El malogrado poeta eldense Francisco Laliga evocó este hecho, que podría parecer legendario si no hubieran testigos de ello, con unos inspirados versos de un poema incompleto dedicado a exaltar los hechos milagrosos de la Virgen de la Salud y que en la parte final del poema dedicado a este acontecimiento dice:

«¿Ois? ¿Ois? En la torre
dobla alegre la campana;
en los atrios de la iglesia
el pueblo se desparrama
el grato olor de las bóvedas
parece que al suelo baja
confundido con el órgano
y al corazón todo halaga.
Es que a los pies de la imagen
que allá tan lejos le salva
deposita como ofrenda
el hijo que tanto la ama
un manto cuajado de oro
que ricas piedras esmaltan,
con que dobla sus encantos
la virginal desposada
en el día en que la fe
cultos de amor le consagra.

Después de este bello gesto, la figura de Rafael del Val se esfuma definitivamente; nada más volvemos a saber de él. Sí, en cambio, de otro Rafael del Val cuya devoción y asiduidad en el servicio a Castelar se menciona repetidamente por los cronistas de la vida de éste. Tenemos motivos muy fundados para pensar que éste, que Herrero llama «sobrino predilecto de Castelar», será hijo de Rafael del Val y de su esposa doña Justa Escobar, siendo nuestros motivos los de que de los hijos de don Máximo del Val, las mujeres no podían transmitir su apellido paterno más que en segundo lugar, y el menor de los dos hijos varones, Antonio, falleció soltero y sin hijos, por lo que evidentemente no queda más que Rafael, que nos consta era casado y podía haber tenido algún hijo. De tenerlo, sería sobrino, aunque en segundo grado, de Castelar.
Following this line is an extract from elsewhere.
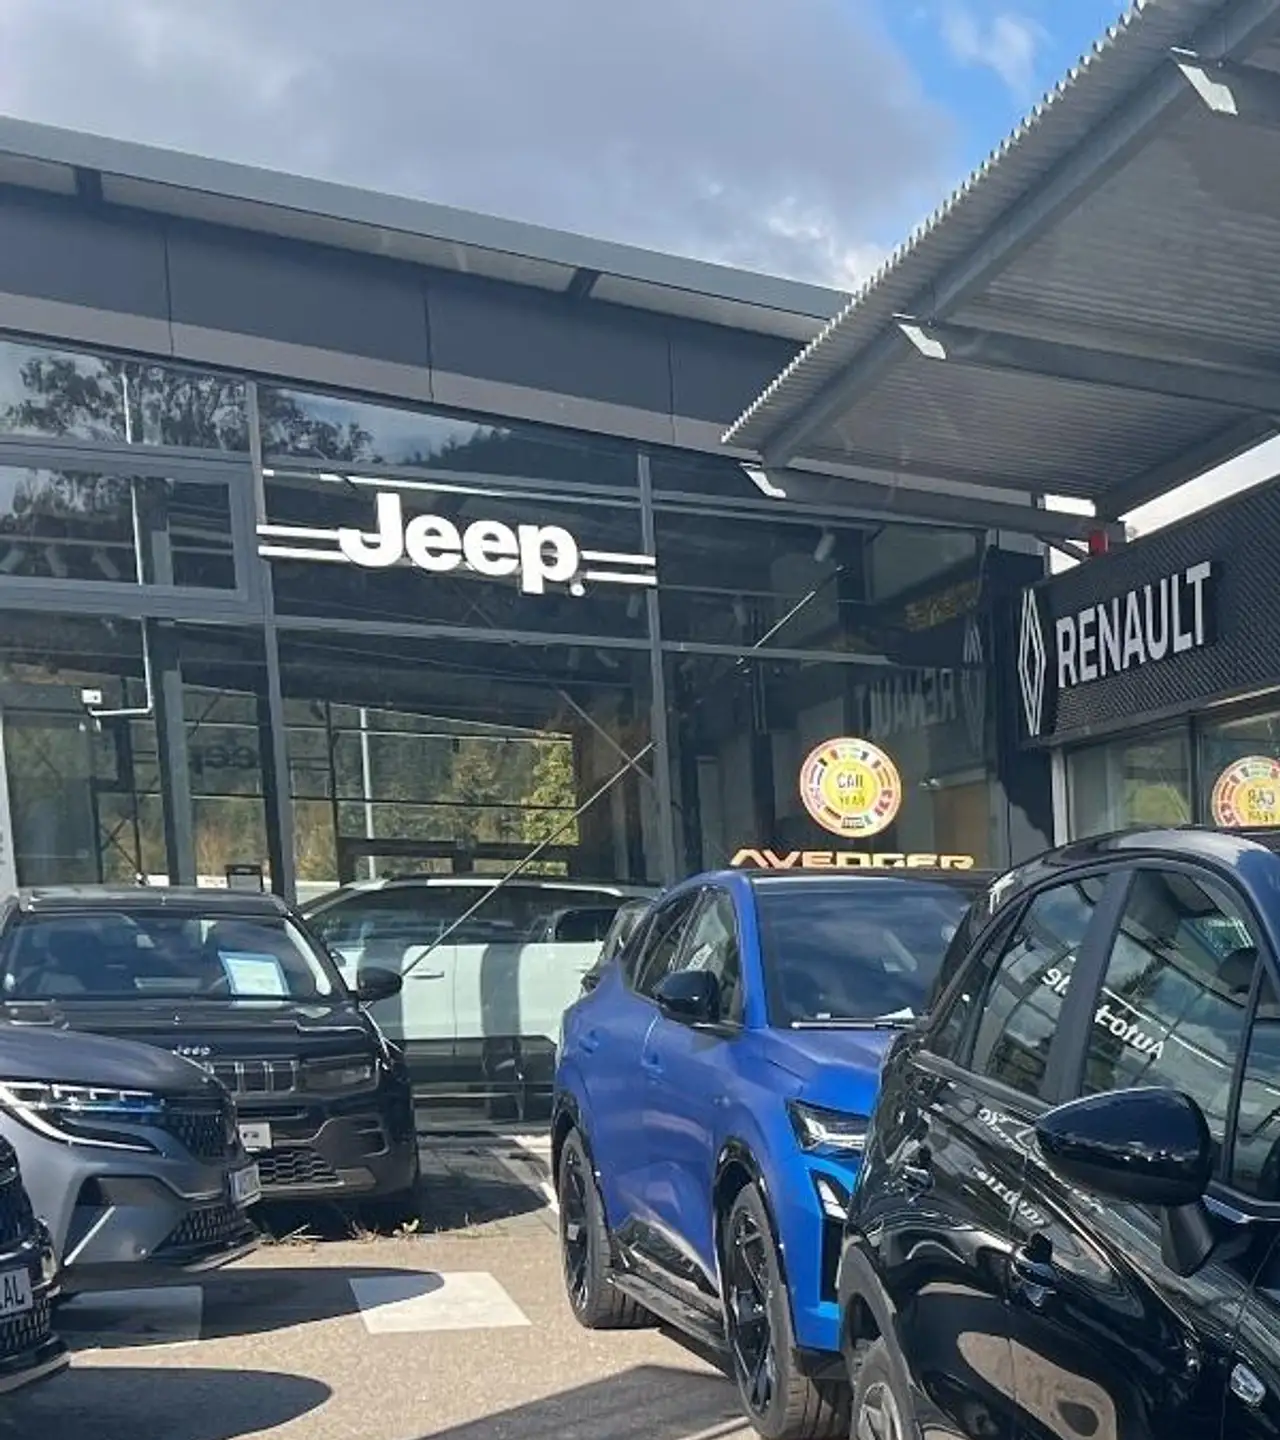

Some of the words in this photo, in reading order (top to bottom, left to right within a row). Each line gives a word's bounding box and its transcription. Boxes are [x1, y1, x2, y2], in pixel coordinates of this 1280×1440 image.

[339, 493, 584, 596] Jeep
[1056, 561, 1211, 688] RENAULT
[731, 849, 974, 869] AVENGER
[0, 1273, 25, 1309] AL
Como la familia Del Val únicamente estaba emparentada con Castelar por la rama materna, cualquier otro vástago de un Del Val, que no fuera descendiente de Máximo, no hubiera tenido el más mínimo parentesco con el egregio tribuno.

Aunque probablemente no nacido en Elda, pues el destierro de la familia primero y el alejamiento de Elda después no permiten suponer otra cosa, Rafael del Val y Escobar sí puede ser considerado oriundo de Elda, y de cualquier modo, como perteneciente a la familia eldense que es motivo de estas líneas. Probablemente, cuando el familiar más querido de Castelar después de su madre y hermana, su primo Antonio del Val fallece en 1886, don Emilio quiso acoger junto a sí a su joven sobrino Rafael, para que hiciera las veces de secretario como las hacía aquel, aunque más bien eran las de personas de confianza, ya que secretarios siempre tuvo otros como Ginés Alberola en un tiempo y Ferrer en otro, ya en sus últimos años.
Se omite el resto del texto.